Phrase grounding data
# # # #

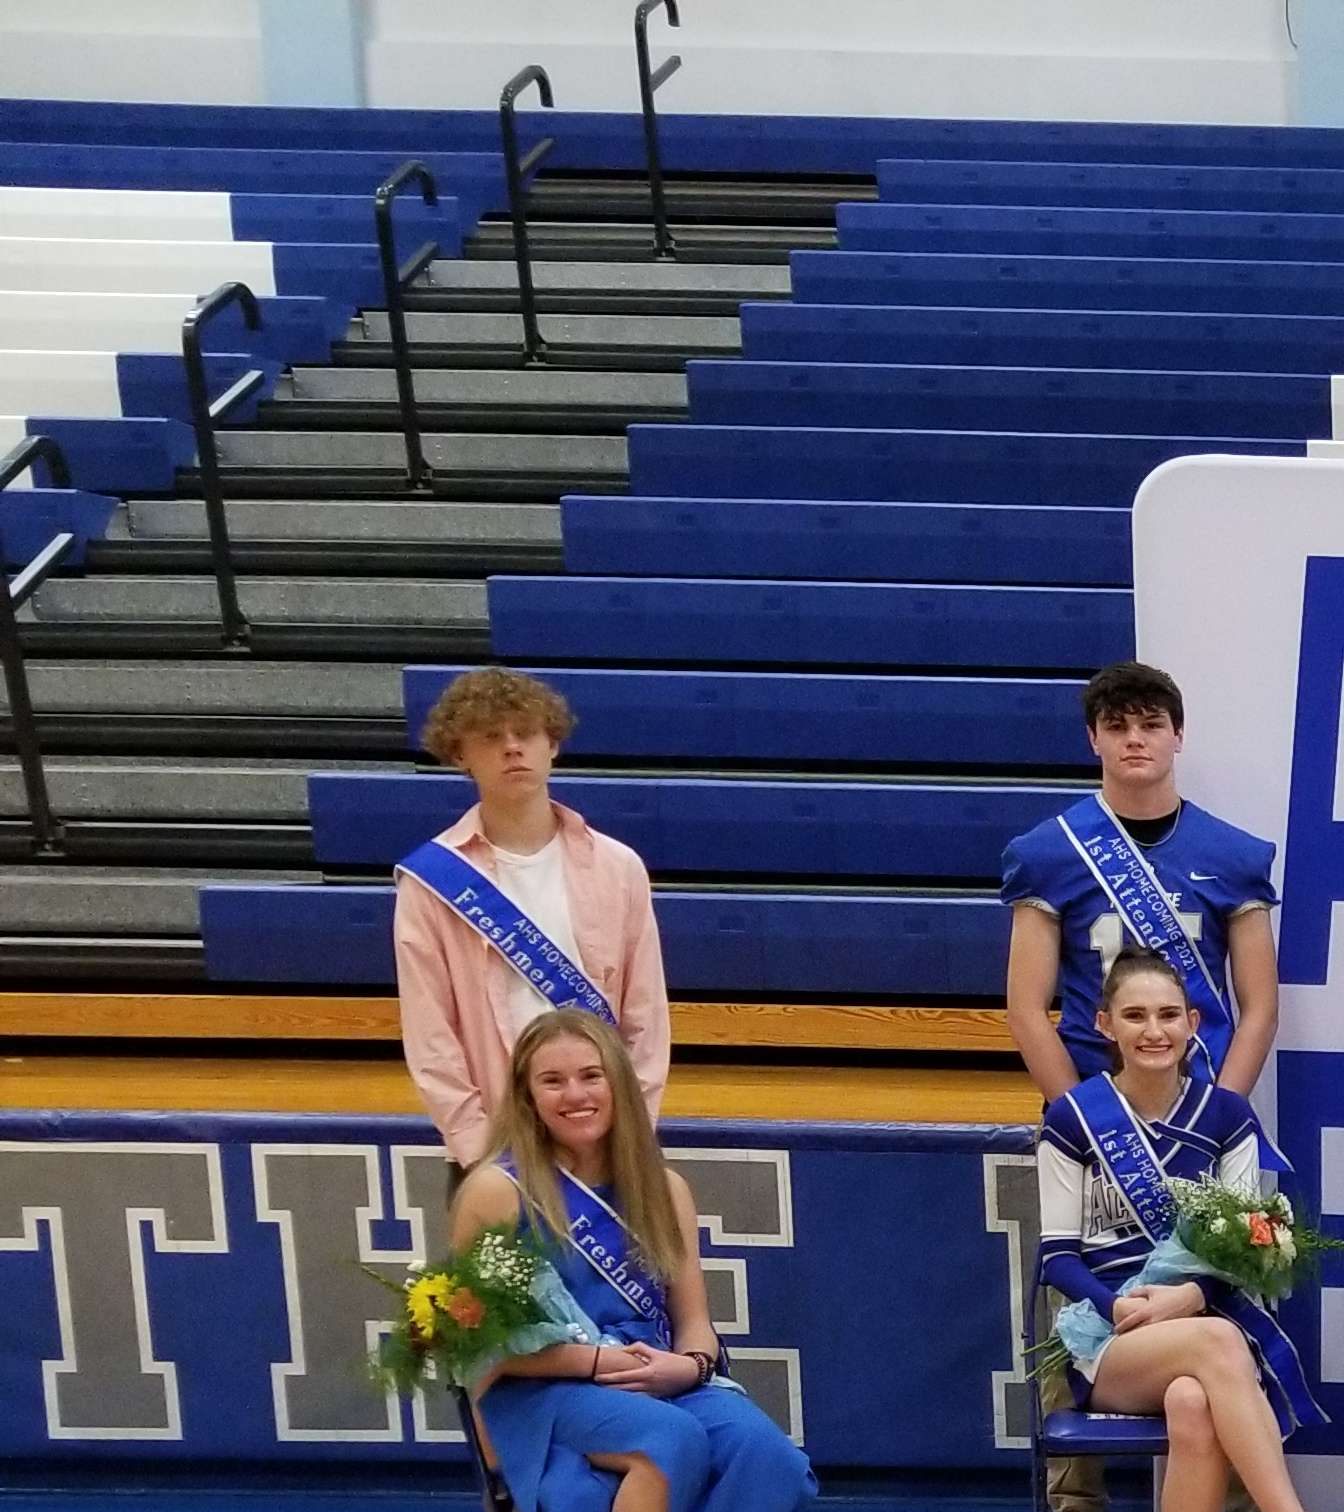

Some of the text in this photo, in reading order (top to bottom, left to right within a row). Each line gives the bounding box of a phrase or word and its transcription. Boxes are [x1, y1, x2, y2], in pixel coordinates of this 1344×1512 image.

[512, 918, 542, 946] AHS
[1083, 835, 1111, 867] 1st
[1106, 872, 1187, 981] Attend
[1108, 837, 1197, 972] AHS HOMECOMING 2021
[452, 887, 556, 996] Freshmen
[1098, 1129, 1126, 1164] 1st
[1122, 1132, 1146, 1160] AHS
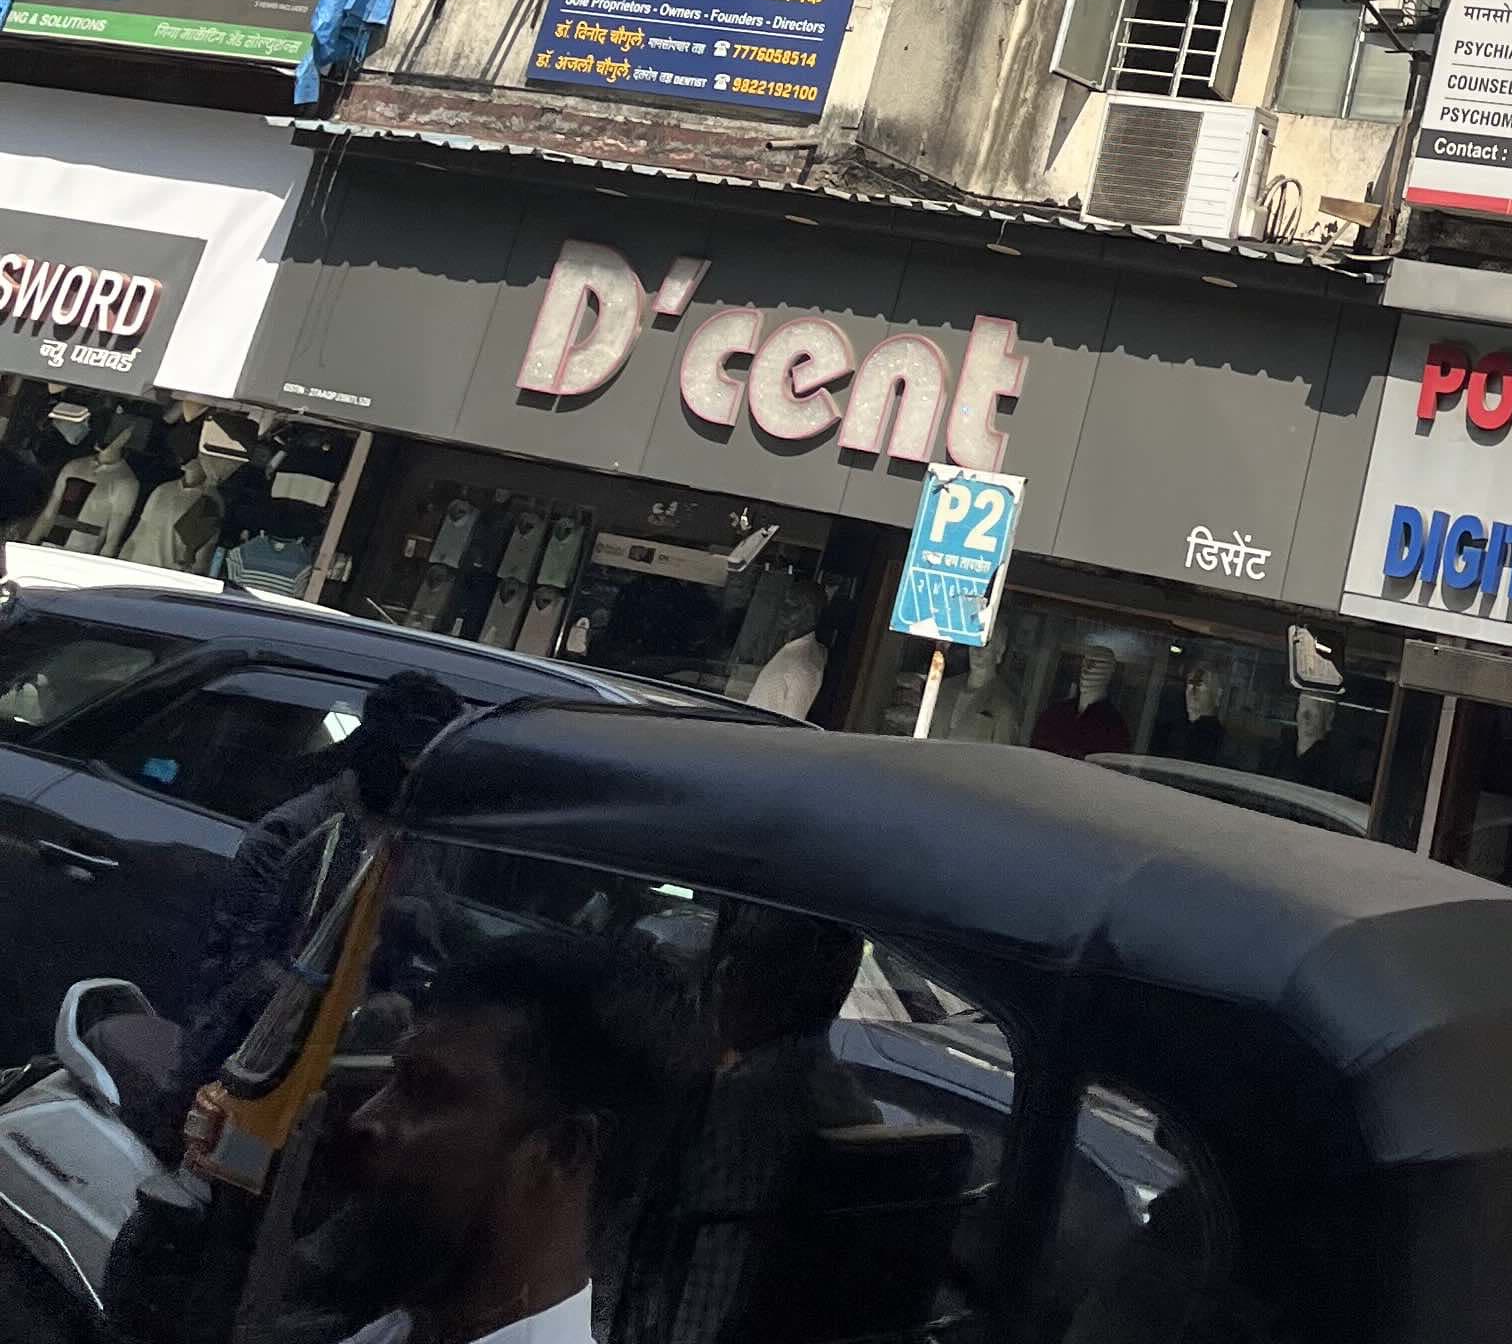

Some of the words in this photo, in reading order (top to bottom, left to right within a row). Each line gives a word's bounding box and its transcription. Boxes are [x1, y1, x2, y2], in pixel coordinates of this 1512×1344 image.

# # # #

What is needed is an exact printout of every record above, with the pictures left out.

Some of the text in this photo, in reading order (top to bottom, left to right within a row). Each line gives the bounding box of a phrase or word and its transcription. Boxes are [x1, y1, x2, y2], in pixel coordinates of this 1344×1512 image.

[512, 918, 542, 946] AHS
[1083, 835, 1111, 867] 1st
[1106, 872, 1187, 981] Attend
[1108, 837, 1197, 972] AHS HOMECOMING 2021
[452, 887, 556, 996] Freshmen
[1098, 1129, 1126, 1164] 1st
[1122, 1132, 1146, 1160] AHS

Some of the words in this photo, in reading order (top to bottom, left to right within a row). Each line gives a word's bounding box and its transcription. Boxes are [x1, y1, x2, y2], in pixel coordinates of this 1512×1344 image.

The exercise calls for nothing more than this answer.